Das schiere Sammeln von Kontakten um der Zahlen willen ist in seriösen Kommunikationskreisen verpönt. Zu Recht. Zeugt es doch von viel Eigeninteresse der Kontaktsammelnden und von wenig eigenem Interesse an den Menschen hinter den Accounts und am Austausch mit diesen.

Aber auch aus Sicht des Absenders muss man von solchen Zahlenspielen dringend abraten. Je unspezifischer das eigene Netzwerk zusammengestellt ist, desto weniger hat es diesen Namen verdient. Die Interaktionsrate sinkt. Eine Bindung der Gegenüber an den betreffenden Account entsteht kaum. Zudem mögen viele potentielle Empfänger eine große Reichweite suggerieren. Aber der tatsächliche Anteil der Zielgruppe, bezogen auf die strategischen Ziele des Betreffenden, ist wahrscheinlich verschwindend gering.

Daher ist es ein wirklich sensibles Thema, wenn man Personen(-marken) – etwa im Corporate-Influencer-Coaching – dazu ermutigt, ihr Netzwerk aktiv zu vergrößern. Sie sollen ja eben nicht zu kontaktsammelnden Spammern werden. Doch tatsächlich gewinnt ein aktiv und nachhaltig aufgebautes, stetig wachsendes Netzwerk an Qualität, und zwar idealerweise für alle Beteiligten.

Warum manche Netzwerke einfach nicht wachsen

Gerade in Corporate-Influencer-Projekten, in denen ich einzelne Personen sehr eng begleite, stelle ich oft fest: Die Betreffenden investieren viel Zeit in die eigene Personenmarkenstrategie, in die Konzeption, Planung sowie Erstellung von Inhalten. Doch die Zahl ihrer Kontakte, etwa auf LinkedIn, wächst auch über einen längeren Zeitraum nur sehr langsam.

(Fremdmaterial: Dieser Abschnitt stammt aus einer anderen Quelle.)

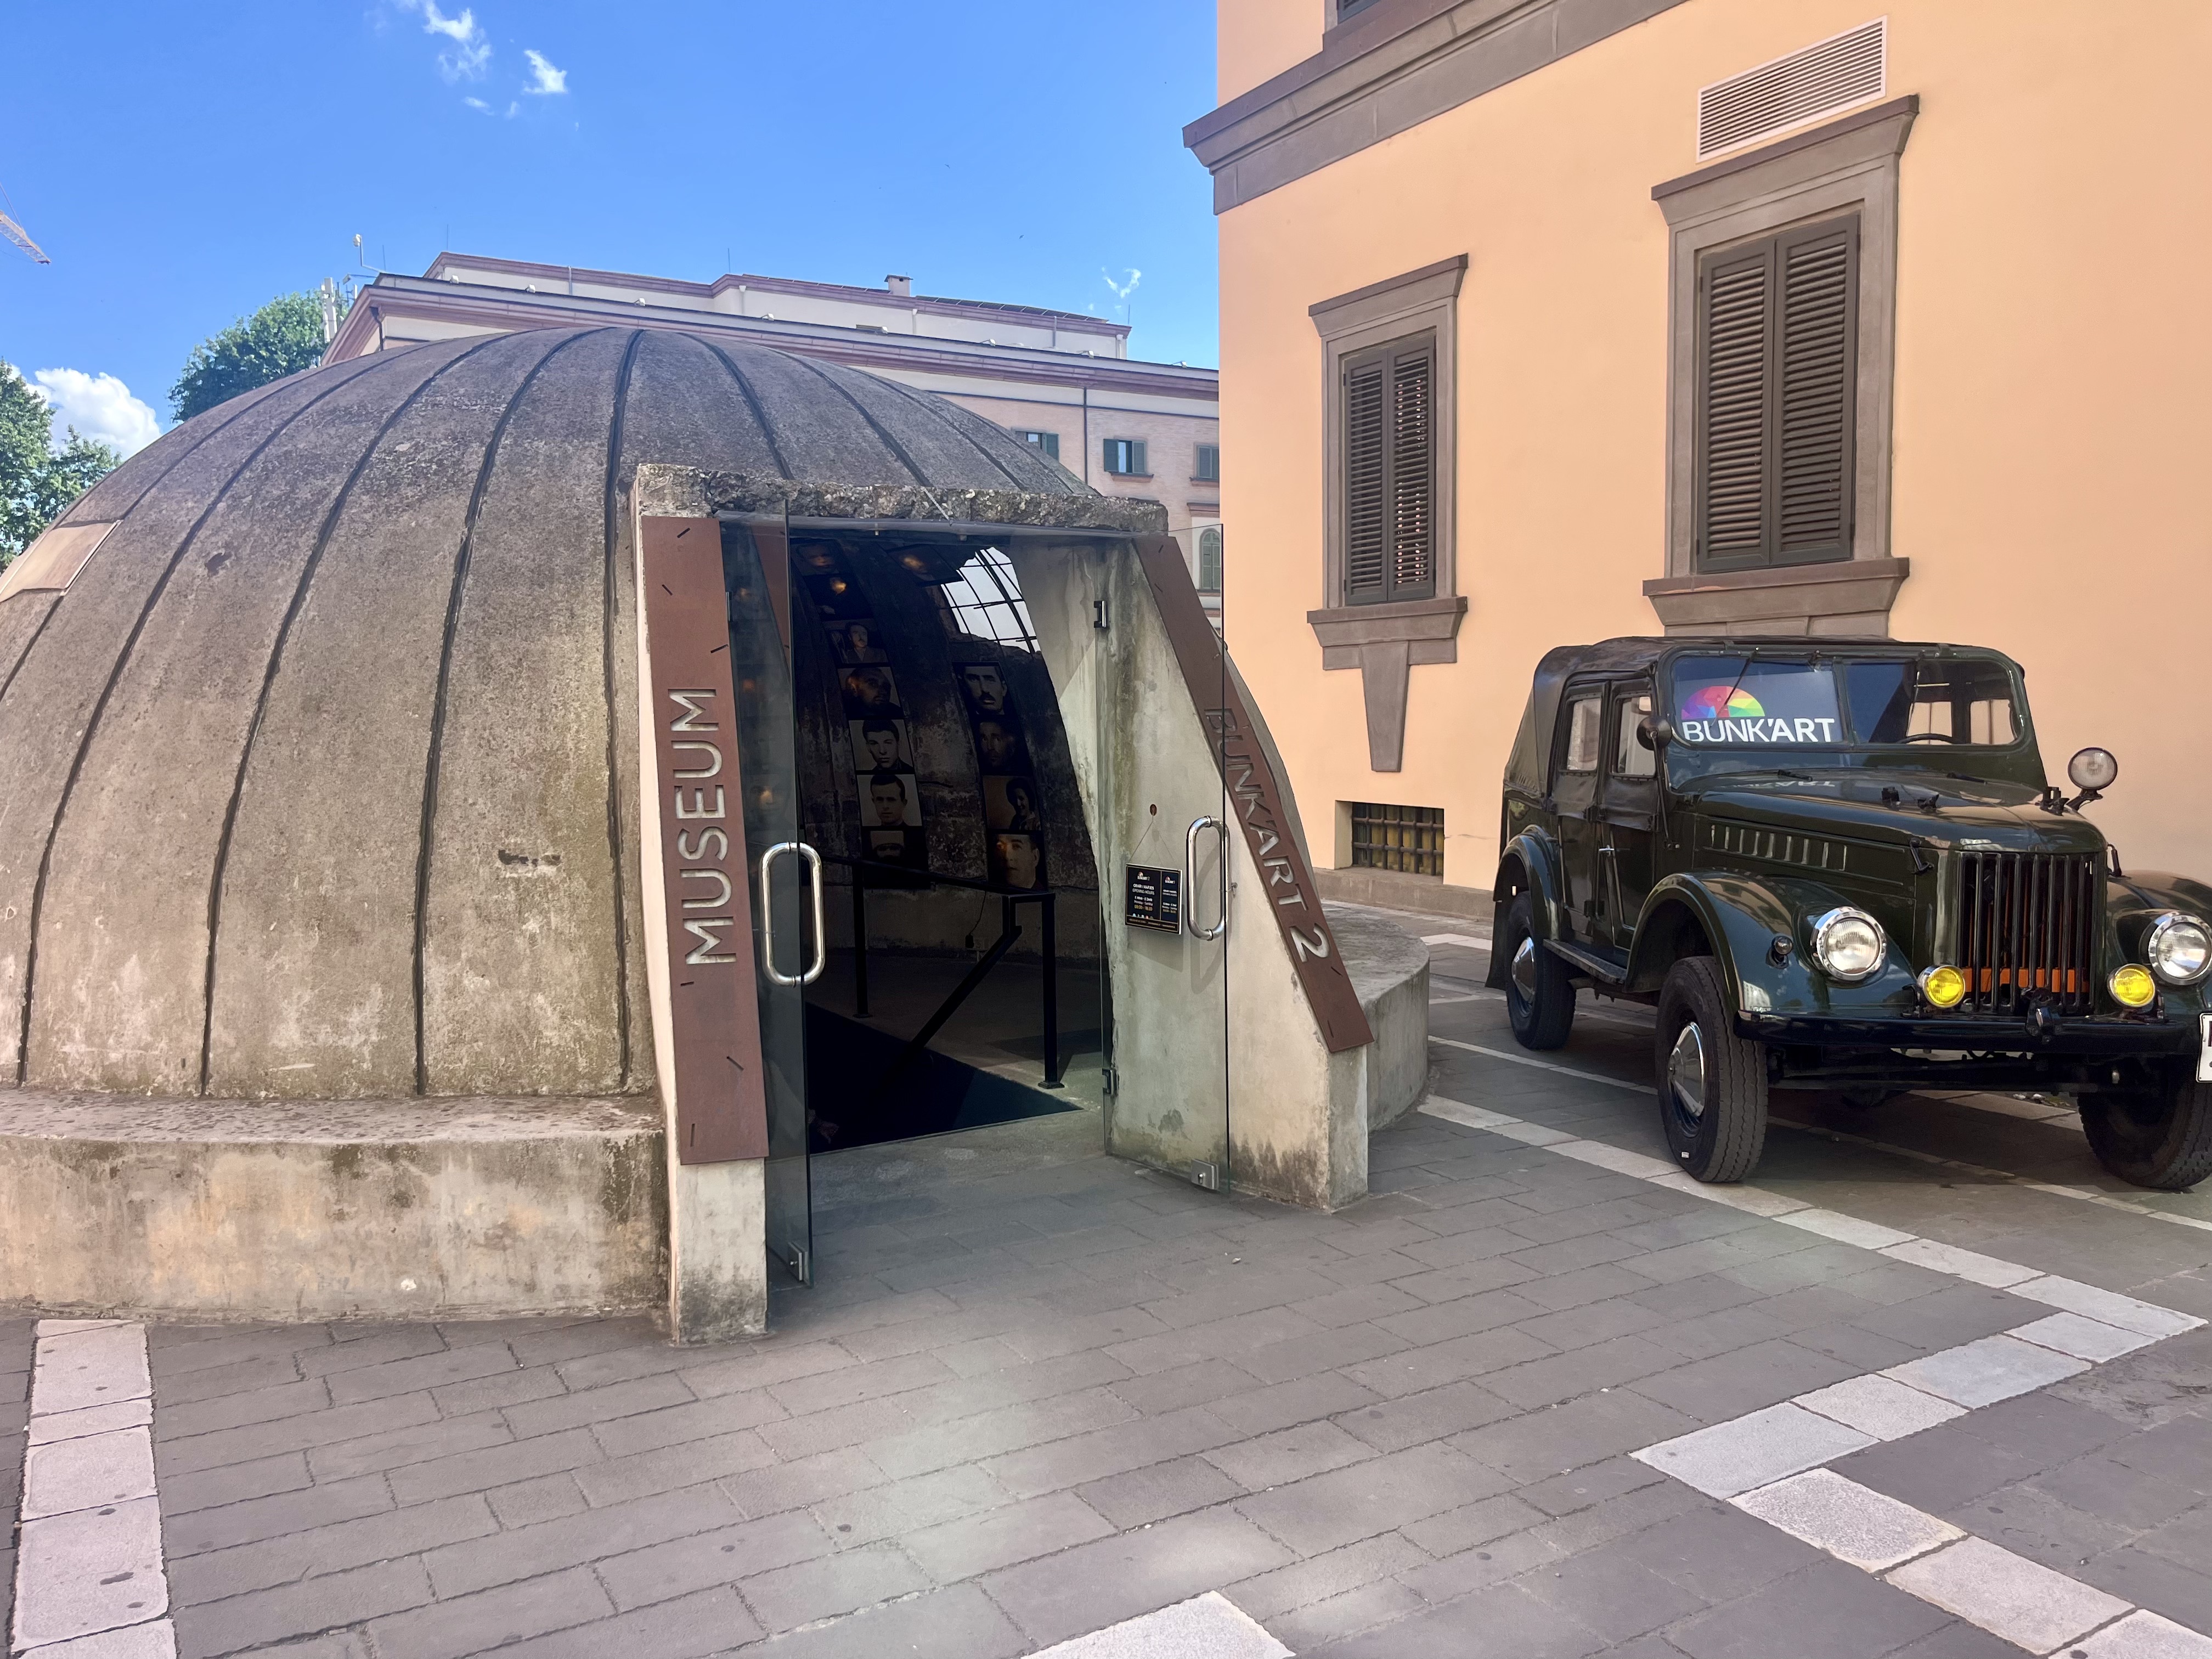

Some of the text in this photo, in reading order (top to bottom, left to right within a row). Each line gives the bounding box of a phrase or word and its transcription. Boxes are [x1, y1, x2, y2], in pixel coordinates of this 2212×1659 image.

[668, 689, 737, 964] MUSEUM
[1204, 708, 1330, 963] BUNK'ART 2
[1682, 718, 1835, 742] BUNK'ART

Das kann verschiedene Gründe haben, beispielsweise:

  • Der oder die Betreffende möchte eben nicht in den Verdacht geraten Kontakte einfach zu sammeln.
  • Es wird bereits so viel Zeit investiert, dass die gezielte Recherche nach möglichen neuen Kontakten zu kurz kommt. Es wird also oft auch einfach vergessen.
  • Es ist kein Bewusstsein dafür vorhanden, wie wichtig und nutzenstiftend ein wachsendes Netzwerk sein kann.
  • Es herrscht die Befürchtung vor, dass mit einer wachsenden Zahl der Kontakte auch der unverwünschte (Verkaufs-/Sales-Spam) zunimmt.

Doch gerade die Befürchtungen, die dem Ausbau entgegenstehen, lassen sich mit einer aktiven Vorgehensweise ausräumen. Individuelle Vorlieben und Gegebenheiten sind dabei aber unbedingt zu berücksichtigen.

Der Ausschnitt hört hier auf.